Po upadku Awdijiwki Ukraina pod olbrzymią presją
Rosyjska flaga została podniesiona w kilku częściach wschodniego miasta Awdijiwka w Doniecku, kilka godzin po tym, jak siły ukraińskie pospiesznie wycofały się z ruin miasta, którego broniły przez dekadę.
Armia ukraińska znajduje się jednak pod presją w kilku innych punktach wzdłuż linii frontu, która wije się przez około 1000 kilometrów od granicy z Rosją na północy do Morza Czarnego.
Rosyjskie wojsko mogło wyczuć słabość swojego przeciwnika. Lepsze ukraińskie jednostki są wyczerpane po dwóch latach walk; jest nowy głównodowodzący, Ołeksandr Syryjczyk; a ukraińskim żołnierzom brakuje pocisków i są podatni na nieustanne ataki powietrzne.
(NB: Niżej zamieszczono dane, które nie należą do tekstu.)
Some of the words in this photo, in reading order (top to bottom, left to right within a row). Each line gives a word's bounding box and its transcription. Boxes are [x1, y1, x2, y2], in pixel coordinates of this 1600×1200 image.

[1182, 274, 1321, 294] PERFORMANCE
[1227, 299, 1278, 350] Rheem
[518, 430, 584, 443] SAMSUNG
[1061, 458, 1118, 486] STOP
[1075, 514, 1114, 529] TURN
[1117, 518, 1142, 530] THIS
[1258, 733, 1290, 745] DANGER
Podczas gdy celem prezydenta Wołodymyra Zełenskiego i sił zbrojnych jest odzyskanie całego nielegalnie okupowanego terytorium, Ukraińcy walczą teraz o powstrzymanie Rosjan przed dodaniem około 18% ukraińskiego terytorium, które już posiadają.
Deklarowanym celem prezydenta Władimira Putina jest przejęcie wszystkich wschodnich regionów Ługańska i Doniecka, ale niewielu wierzy, że na tym poprzestanie, jeśli pojawią się dalsze możliwości.
W październiku Rosjanie rozpoczęli zdecydowany atak na Awdijiwkę. Ale atakują także w pobliżu Bachmutu i Mariinki (także w Doniecku) oraz w kierunku Kupiańska na północy.
Na południowym froncie, w Zaporożu, rosyjskie i ukraińskie źródła mówią o masowej rosyjskiej rozbudowie na obszarze, gdzie Ukraińcy próbowali rozpocząć kontrofensywę zeszłego lata. Według niektórych analityków zgromadzono siły liczące 50 000 ludzi.